Perhaps no place in any community is so totally democratic as the town library. The only entrance requirement is interest. -Lady Bird Johnson

Susan Smolinsky, Library Director, Arvin A. Brown Public Library, Richford, Vermont


From: Pete Saussy (bujinin netzero.com)
Subject: tardis/tesseract?

I remember the sci-fi use of tesseract as a box which has more space inside than the outside would indicate, possibly from these two stories listed in Wikipedia: "And He Built a Crooked House" -- a science fiction story featuring a building in the form of a tesseract, and "A Wrinkle in Time" -- a science fantasy novel using the word "tesseract" (without reference to its geometrical meaning). I wondered why the Doctor Who writers didn't use it for the tardis.

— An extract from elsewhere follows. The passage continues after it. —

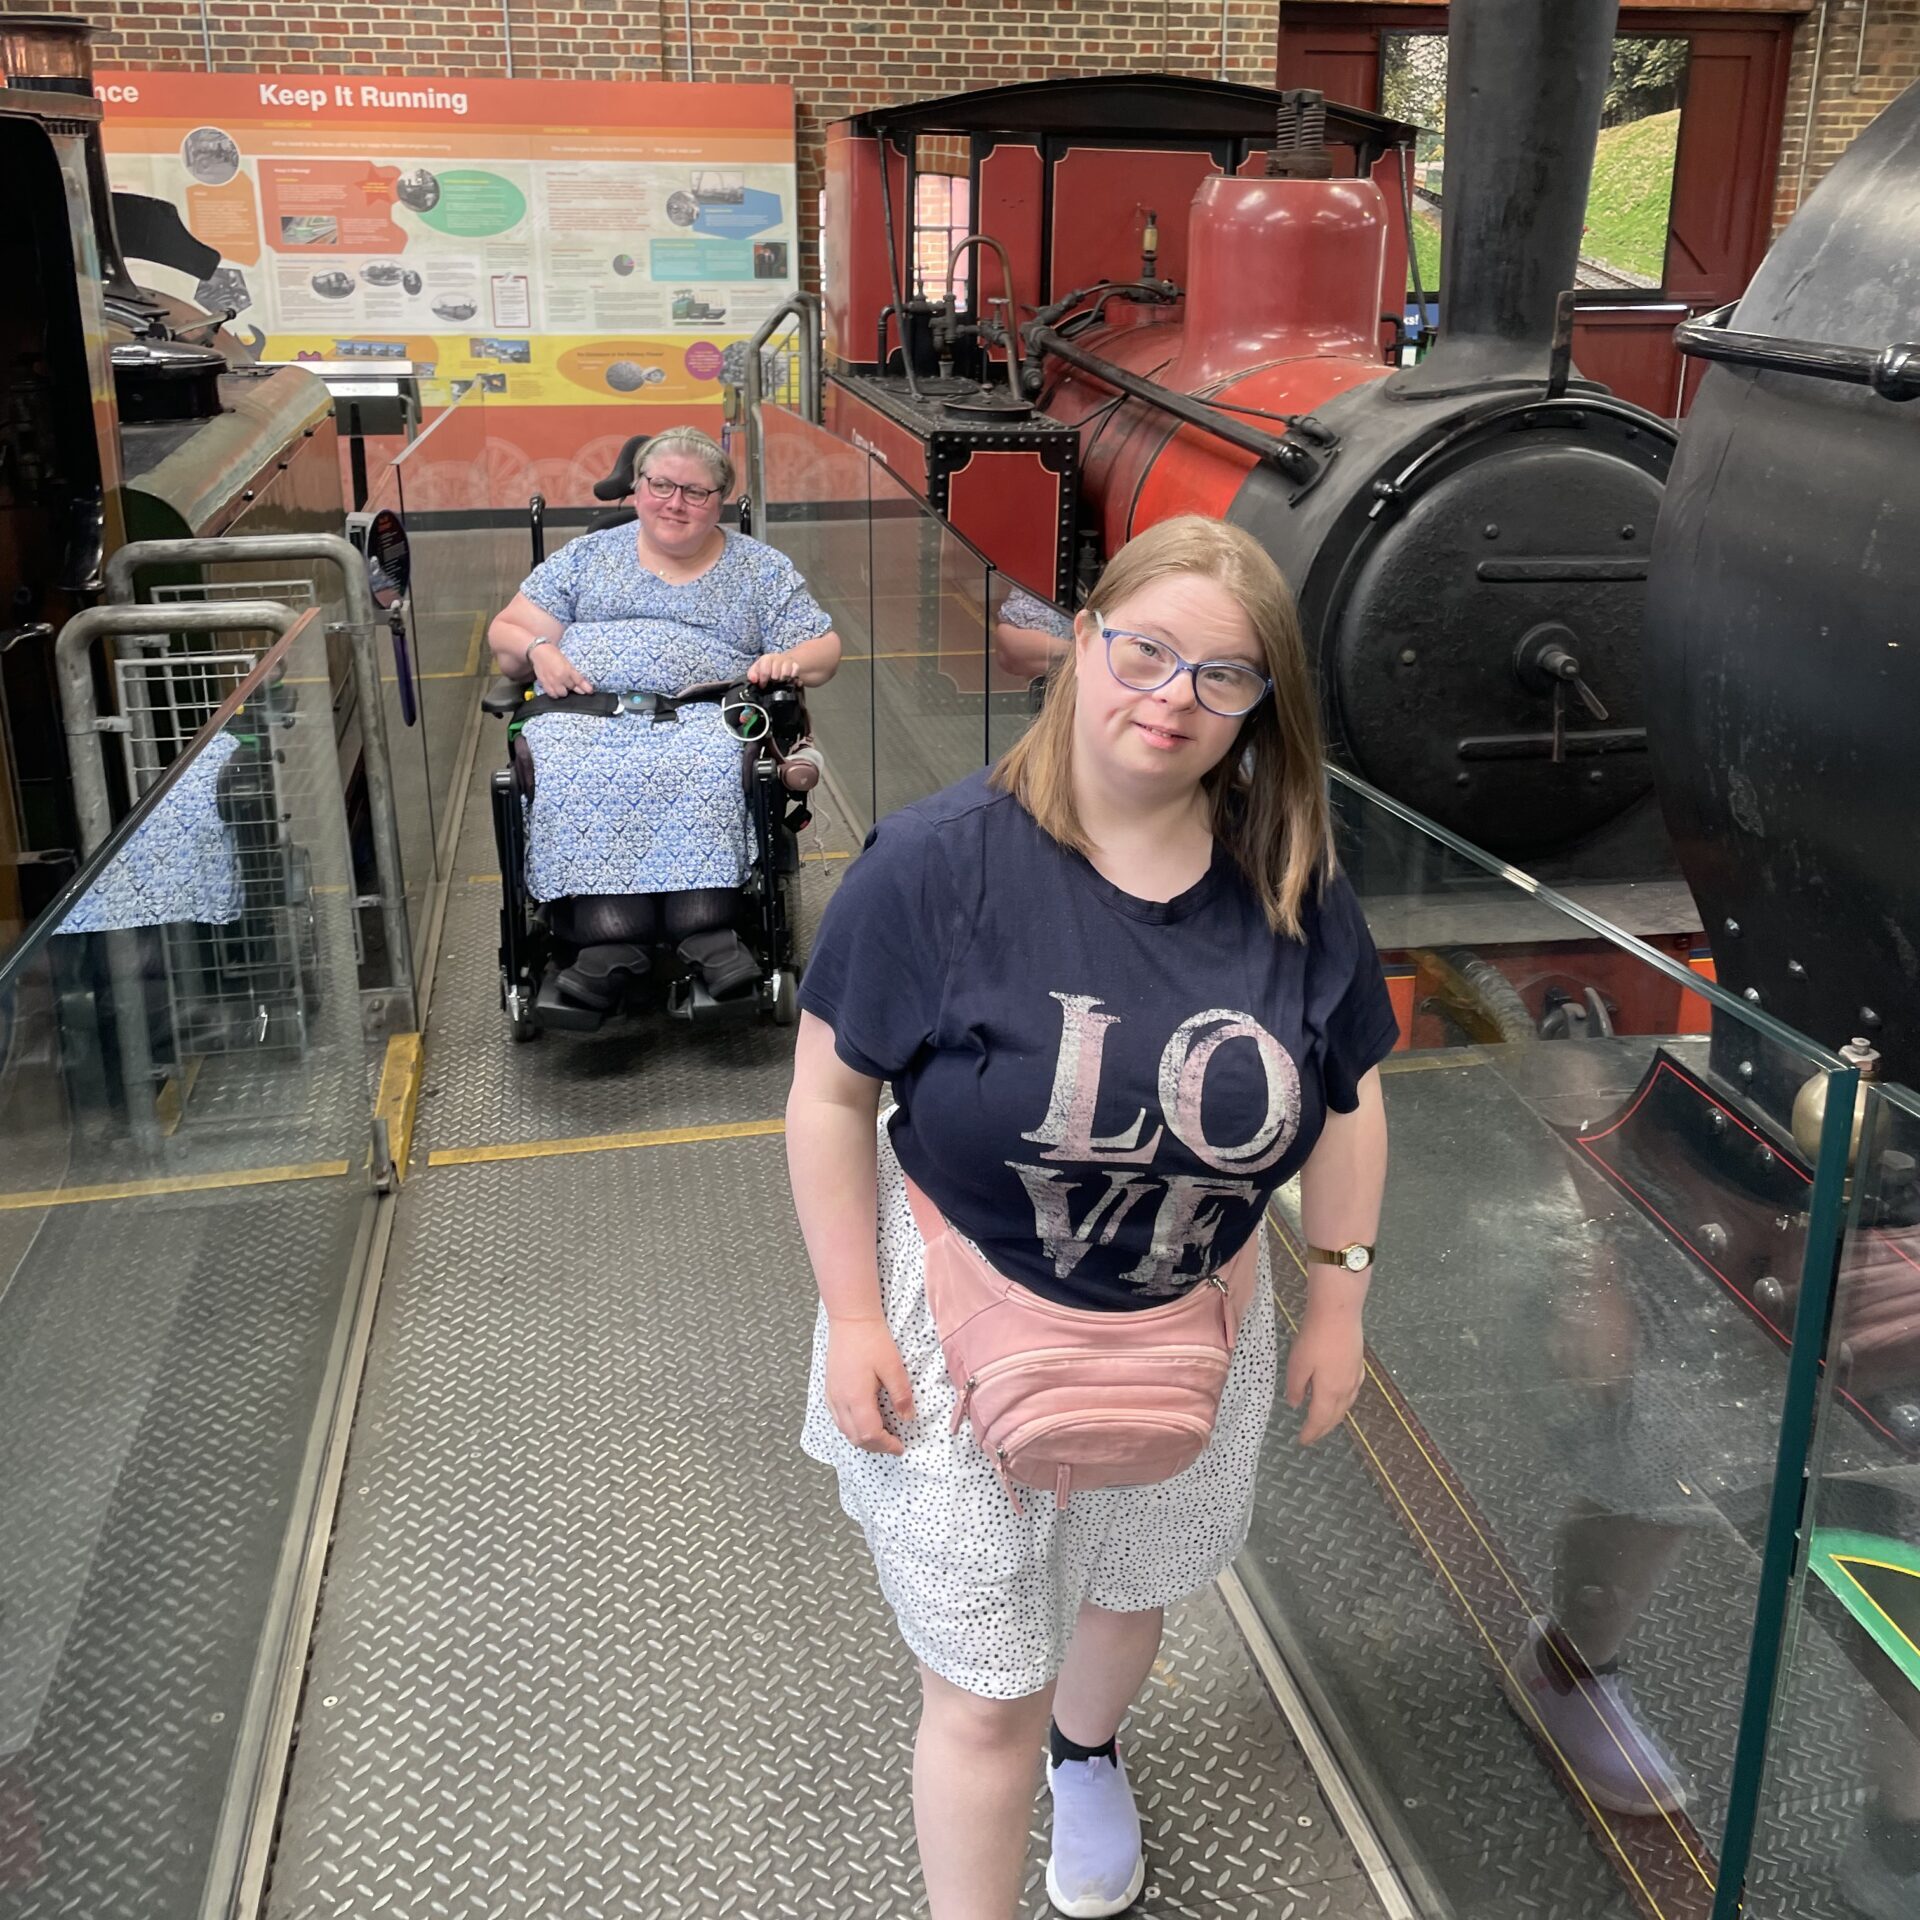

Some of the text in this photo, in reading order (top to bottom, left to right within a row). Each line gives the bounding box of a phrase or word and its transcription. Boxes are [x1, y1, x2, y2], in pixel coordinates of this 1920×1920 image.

Pete Saussy, Pawleys Island, South Carolina


From: Chips Mackinolty (chips.mackinolty gmail.com)
Subject: Tardis

The Australian Broadcasting Corporation refers to radio recording booths by the term TARDIS. When one is connected to another via satellite, it's technically a TARDIS in the sense that it encompasses time and relative dimensions in space. They are, as the Doctor says, "bigger on the inside". That is also why there is a large cardboard cut-out of a dalek outside Sydney Master Control.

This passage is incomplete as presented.